Yesterday, as we were getting ready to go grocery shopping (First Time in Three Weeks!) Alex was giggling about the way kids hear things in church which reminded me of my similar experience.


When I was at the 5yo-8yo church, we sang (of course!) from Heavenly Highway aka Elvis' hymnal. They also had older green books... I don't remember what those were, but my Mamaw likes Elvis so anything Elvis sticks with me. Like a Bell's Best the items are in no discernible order so you tend to memorize the number of the song (no page numbers).  So Mailman Andy (husband of Ms. Charlotte at the time, he had no other identity until later) called out, "Everyone please turn to No. 199."

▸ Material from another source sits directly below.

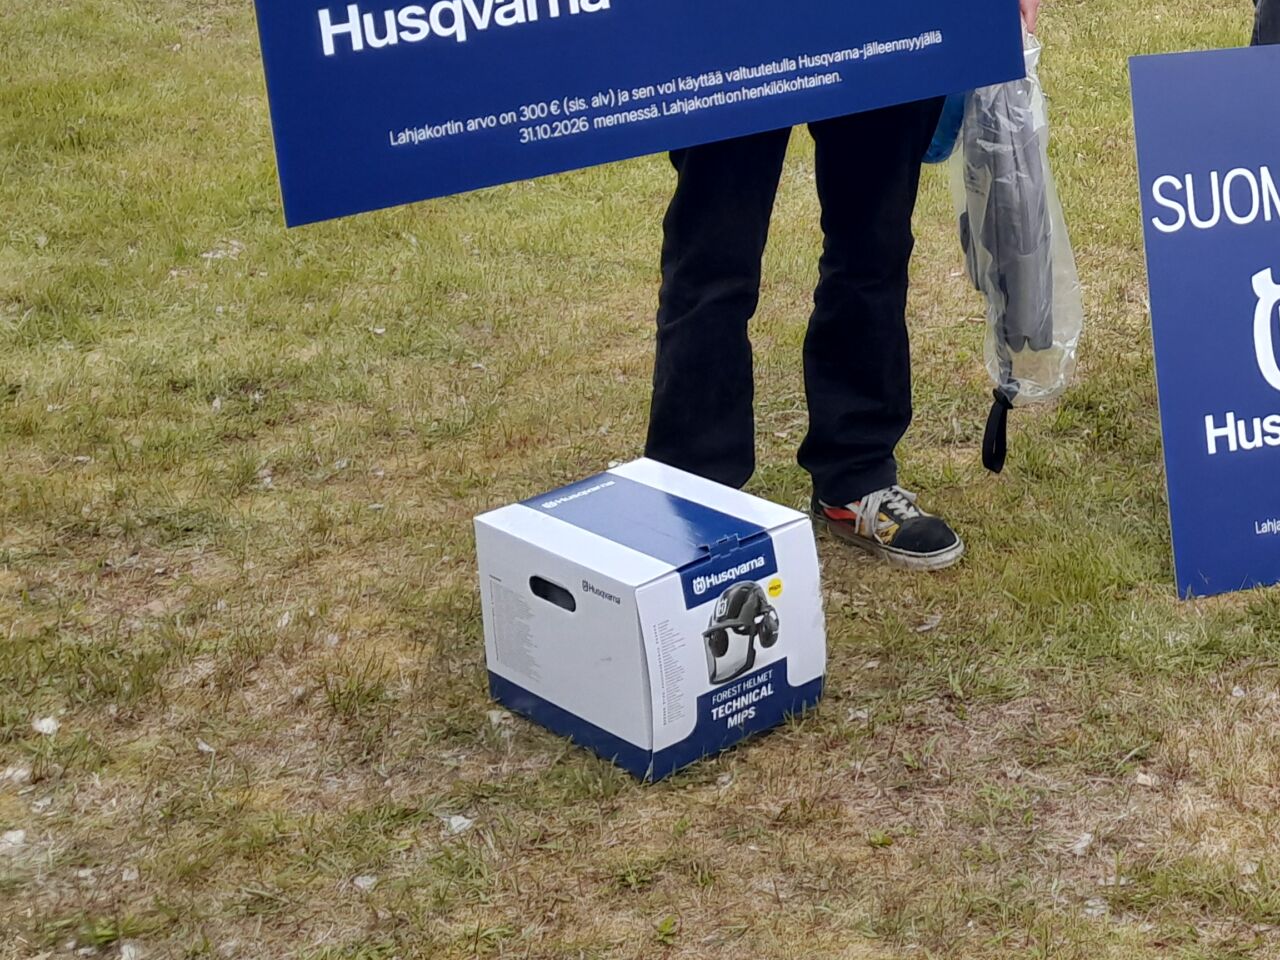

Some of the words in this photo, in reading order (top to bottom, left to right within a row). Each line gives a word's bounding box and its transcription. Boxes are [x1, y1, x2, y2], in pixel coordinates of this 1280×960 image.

This is a breathless fast foot stomper.

So me, as a kid, I'm singing this, and I'm wondering. I had to wonder because I couldn't ask. Alex's church has a ton of kids, and they're rather more casual than when I was a kid in church. My parents enforced an absolutely no talking, and BE STILL, sort of policy. ON PAIN OF DEATH. Don't get me started on the shoes and lacy socks and tights. Don't even.... So I'm wondering. I didn't want to sing something I didn't understand. So I started with the 'roll.' The roll was a scroll, I decided, it was the one where everyone who should go to heaven has their name on it, in fact. I thought of it like a teacher's roll call only rolled up to make it even more a roll. What is a 'pyonder'? This baffled me for a long time. I considered that 'pyonder' sounds like 'piano.' I knew there were different pianos (grand pianos, organs, accordions) so I concluded that 'pyonder' was a special piano.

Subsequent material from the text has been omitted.